▶ [About this task]
Repeat, line for line, the entries printed below.

━━ Data provided

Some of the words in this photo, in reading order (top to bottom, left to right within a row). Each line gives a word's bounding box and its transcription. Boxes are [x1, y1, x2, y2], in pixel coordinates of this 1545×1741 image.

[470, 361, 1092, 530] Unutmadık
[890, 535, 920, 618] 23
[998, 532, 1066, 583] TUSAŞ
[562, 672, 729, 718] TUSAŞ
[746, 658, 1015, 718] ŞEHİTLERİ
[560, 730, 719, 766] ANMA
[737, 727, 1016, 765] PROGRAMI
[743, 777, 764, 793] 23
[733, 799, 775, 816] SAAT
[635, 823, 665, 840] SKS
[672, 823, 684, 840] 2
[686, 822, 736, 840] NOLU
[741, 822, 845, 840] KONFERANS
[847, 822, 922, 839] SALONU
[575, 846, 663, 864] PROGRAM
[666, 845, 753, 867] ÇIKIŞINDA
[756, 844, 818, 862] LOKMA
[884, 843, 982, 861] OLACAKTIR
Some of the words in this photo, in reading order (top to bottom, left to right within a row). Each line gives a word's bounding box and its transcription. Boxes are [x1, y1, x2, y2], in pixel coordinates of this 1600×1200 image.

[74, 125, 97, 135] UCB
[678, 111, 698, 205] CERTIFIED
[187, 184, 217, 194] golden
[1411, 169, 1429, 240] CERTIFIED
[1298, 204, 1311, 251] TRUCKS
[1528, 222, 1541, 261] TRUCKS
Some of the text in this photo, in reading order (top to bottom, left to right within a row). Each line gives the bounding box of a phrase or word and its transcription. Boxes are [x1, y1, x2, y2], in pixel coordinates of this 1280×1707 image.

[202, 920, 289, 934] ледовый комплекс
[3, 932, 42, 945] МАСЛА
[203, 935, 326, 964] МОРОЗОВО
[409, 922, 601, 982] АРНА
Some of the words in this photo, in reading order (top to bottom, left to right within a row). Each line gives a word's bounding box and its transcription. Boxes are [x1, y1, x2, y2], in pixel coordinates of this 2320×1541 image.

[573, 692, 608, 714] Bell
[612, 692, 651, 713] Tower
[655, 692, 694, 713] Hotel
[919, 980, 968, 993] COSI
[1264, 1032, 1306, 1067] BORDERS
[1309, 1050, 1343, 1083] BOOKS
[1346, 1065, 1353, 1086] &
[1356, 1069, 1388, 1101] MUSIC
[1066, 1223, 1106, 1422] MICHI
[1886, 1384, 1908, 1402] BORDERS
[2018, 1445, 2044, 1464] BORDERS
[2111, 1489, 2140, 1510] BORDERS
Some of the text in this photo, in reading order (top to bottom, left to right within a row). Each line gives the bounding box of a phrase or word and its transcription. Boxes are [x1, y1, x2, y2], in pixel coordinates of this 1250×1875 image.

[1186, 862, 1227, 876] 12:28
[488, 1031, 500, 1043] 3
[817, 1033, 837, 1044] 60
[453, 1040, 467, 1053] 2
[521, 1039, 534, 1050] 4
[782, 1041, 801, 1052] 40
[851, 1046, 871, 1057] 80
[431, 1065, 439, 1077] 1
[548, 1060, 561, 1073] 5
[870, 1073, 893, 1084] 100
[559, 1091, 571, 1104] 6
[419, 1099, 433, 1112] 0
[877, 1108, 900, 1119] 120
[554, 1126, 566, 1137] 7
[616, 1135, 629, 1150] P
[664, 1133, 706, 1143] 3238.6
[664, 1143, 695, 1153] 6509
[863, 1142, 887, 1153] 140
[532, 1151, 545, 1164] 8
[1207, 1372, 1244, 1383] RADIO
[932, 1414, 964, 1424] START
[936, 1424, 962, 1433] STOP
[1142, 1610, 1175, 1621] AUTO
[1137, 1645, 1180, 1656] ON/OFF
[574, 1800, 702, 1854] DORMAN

━━━━

▶ [Written solution]
Some of the words in this photo, in reading order (top to bottom, left to right within a row). Each line gives a word's bounding box and its transcription. Boxes are [x1, y1, x2, y2], in pixel coordinates of this 1545×1741 image.

[470, 361, 1092, 530] Unutmadık
[890, 535, 920, 618] 23
[998, 532, 1066, 583] TUSAŞ
[562, 672, 729, 718] TUSAŞ
[746, 658, 1015, 718] ŞEHİTLERİ
[560, 730, 719, 766] ANMA
[737, 727, 1016, 765] PROGRAMI
[743, 777, 764, 793] 23
[733, 799, 775, 816] SAAT
[635, 823, 665, 840] SKS
[672, 823, 684, 840] 2
[686, 822, 736, 840] NOLU
[741, 822, 845, 840] KONFERANS
[847, 822, 922, 839] SALONU
[575, 846, 663, 864] PROGRAM
[666, 845, 753, 867] ÇIKIŞINDA
[756, 844, 818, 862] LOKMA
[884, 843, 982, 861] OLACAKTIR
Some of the words in this photo, in reading order (top to bottom, left to right within a row). Each line gives a word's bounding box and its transcription. Boxes are [x1, y1, x2, y2], in pixel coordinates of this 1600×1200 image.

[74, 125, 97, 135] UCB
[678, 111, 698, 205] CERTIFIED
[187, 184, 217, 194] golden
[1411, 169, 1429, 240] CERTIFIED
[1298, 204, 1311, 251] TRUCKS
[1528, 222, 1541, 261] TRUCKS
Some of the text in this photo, in reading order (top to bottom, left to right within a row). Each line gives the bounding box of a phrase or word and its transcription. Boxes are [x1, y1, x2, y2], in pixel coordinates of this 1280×1707 image.

[202, 920, 289, 934] ледовый комплекс
[3, 932, 42, 945] МАСЛА
[203, 935, 326, 964] МОРОЗОВО
[409, 922, 601, 982] АРНА
Some of the words in this photo, in reading order (top to bottom, left to right within a row). Each line gives a word's bounding box and its transcription. Boxes are [x1, y1, x2, y2], in pixel coordinates of this 2320×1541 image.

[573, 692, 608, 714] Bell
[612, 692, 651, 713] Tower
[655, 692, 694, 713] Hotel
[919, 980, 968, 993] COSI
[1264, 1032, 1306, 1067] BORDERS
[1309, 1050, 1343, 1083] BOOKS
[1346, 1065, 1353, 1086] &
[1356, 1069, 1388, 1101] MUSIC
[1066, 1223, 1106, 1422] MICHI
[1886, 1384, 1908, 1402] BORDERS
[2018, 1445, 2044, 1464] BORDERS
[2111, 1489, 2140, 1510] BORDERS
Some of the text in this photo, in reading order (top to bottom, left to right within a row). Each line gives the bounding box of a phrase or word and its transcription. Boxes are [x1, y1, x2, y2], in pixel coordinates of this 1250×1875 image.

[1186, 862, 1227, 876] 12:28
[488, 1031, 500, 1043] 3
[817, 1033, 837, 1044] 60
[453, 1040, 467, 1053] 2
[521, 1039, 534, 1050] 4
[782, 1041, 801, 1052] 40
[851, 1046, 871, 1057] 80
[431, 1065, 439, 1077] 1
[548, 1060, 561, 1073] 5
[870, 1073, 893, 1084] 100
[559, 1091, 571, 1104] 6
[419, 1099, 433, 1112] 0
[877, 1108, 900, 1119] 120
[554, 1126, 566, 1137] 7
[616, 1135, 629, 1150] P
[664, 1133, 706, 1143] 3238.6
[664, 1143, 695, 1153] 6509
[863, 1142, 887, 1153] 140
[532, 1151, 545, 1164] 8
[1207, 1372, 1244, 1383] RADIO
[932, 1414, 964, 1424] START
[936, 1424, 962, 1433] STOP
[1142, 1610, 1175, 1621] AUTO
[1137, 1645, 1180, 1656] ON/OFF
[574, 1800, 702, 1854] DORMAN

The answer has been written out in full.